In 2008 Seiko unveiled the first Eichi, a time-only wristwatch with an exceptionally fine movement finished modelled on the work of Philippe Dufour. That was discontinued in 2011, and succeeded by the Eichi II, introduced just last year. Similar in style and execution to the first generation, the Eichi II is primarily distinguished by its larger case and cleaner dial. The movement, however, remains as exquisite as before.
The Eichi (Japanese for “wisdom”) is the product of the Micro Artisan Studio at Seiko Epson in Shiojiri, a city in Nagano, the mountainous prefecture best known for hosting a winter Olympics. A dozen craftsmen work at the Micro Artisan Studio, turning out about 25 watches each year – probably the lowest per capita production in watchmaking anywhere.
20 Eichi II wristwatches are made each year, along with two or three each of the Credor Sonnerie and Minute Repeater. The stupendously slow production is due to the fact that many of the components are hand made, and all the movement components are hand-finished to the extreme.
Two of the watchmakers at the Micro Artisan Studio studied with Philippe Dufour in Switzerland, learning the techniques of movement finishing. The pair even carried back sticks of Gentian wood native to Le Sentier that Dufour uses to achieve the polished, bevelled bridges. That, however, came to an end once Seiko managed to fine an equivalent species of plant in Northern Japan.
The result of that dedication to achieving finishing on par with Dufour is plain to see. Even without magnification the decoration on the Eichi II movement is flawless; the bridges bevelled with Japanese wood are lustrous and perfect.

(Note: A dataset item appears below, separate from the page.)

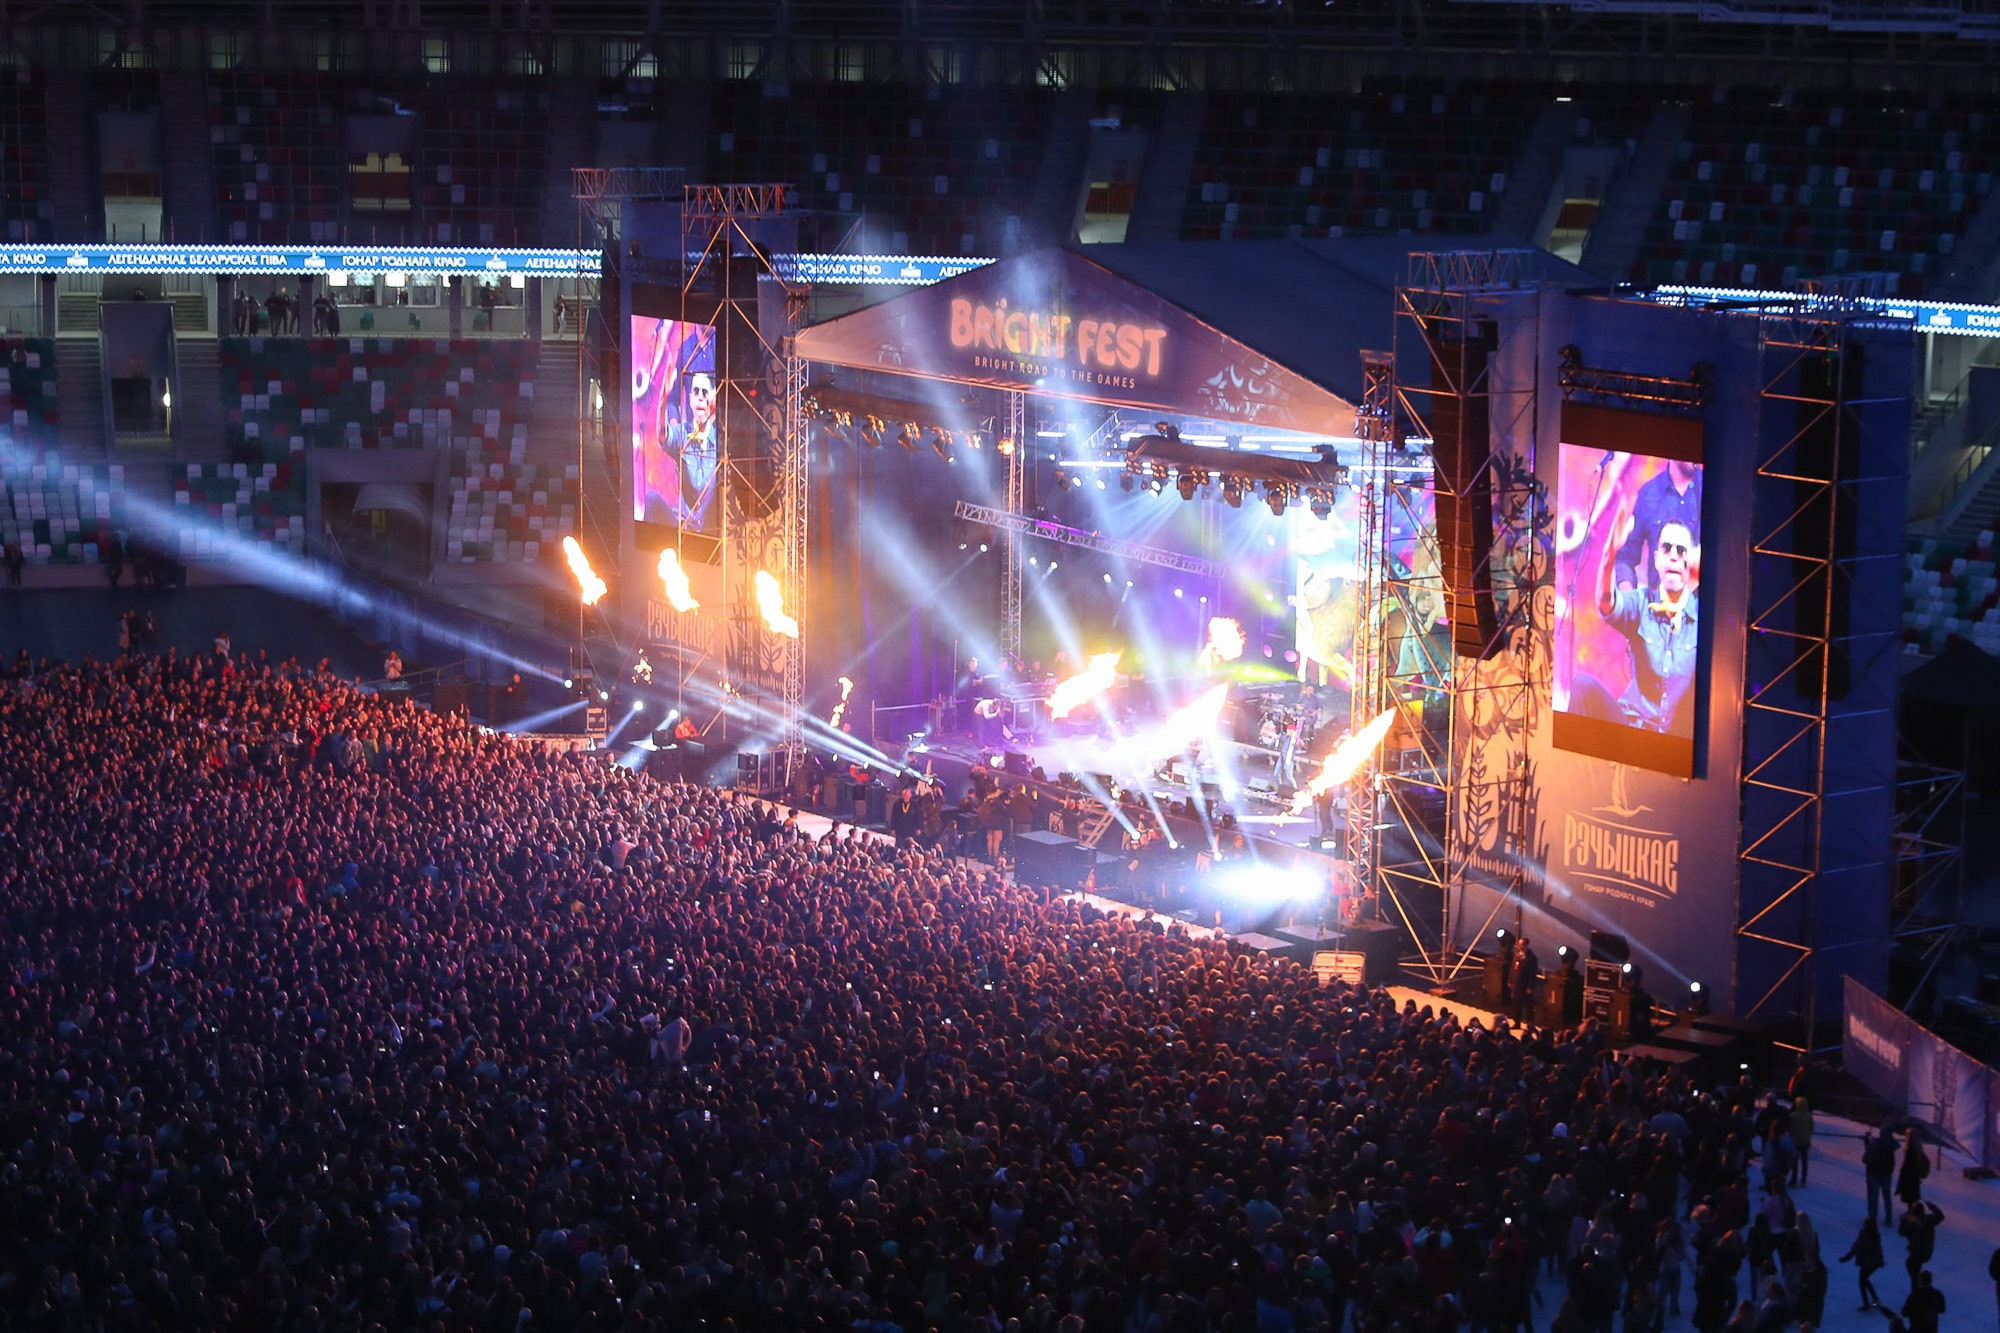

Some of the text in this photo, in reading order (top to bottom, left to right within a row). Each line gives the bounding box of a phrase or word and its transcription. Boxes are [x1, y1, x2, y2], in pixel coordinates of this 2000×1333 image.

As with the earlier generation, the Eichi II has German silver bridges, but the aesthetic has evolved since the first model. The bridges have been reduced in number to two, with most of the screws heat blued instead of just mirror polished. Additionally the barrel is now rhodium plated, instead of a gilded finish. The result is a slightly more modern aesthetic, though every part of the movement still glows.
While the original Eichi had a porcelain dial made by the Noritake, the famed maker of tableware, the Eichi II dial is made by another porcelain specialist. However, the dial maker is responsible for only the dial itself, since the craftsmen at the Micro Artist Studio have since mastered dial painting, so the indices and logo are painted in-house. They are in a dark blue that is almost a perfect match for the blued steel hands.
The biggest improvement is the larger case. At 35 mm the original Eichi was small by today’s standards. The Eichi II is a modest 39 mm, but with a height of 10.3 mm it has elegant proportions that give it presence, especially with the luminous white dial.
The case remains platinum, giving it heft despite its compact dimensions. While the first generation had a porcelain insert on the crown (also by Noritake), the Eichi II has a relief Credor logo.
The Eichi II retails for 5.94 million Japanese yen. According to a Seiko retailer the waiting list is over a year, since only 20 are produced annually. Addendum 12 April 2015: See the Eichi II in all its glorious detail in my photo essay.Back to top.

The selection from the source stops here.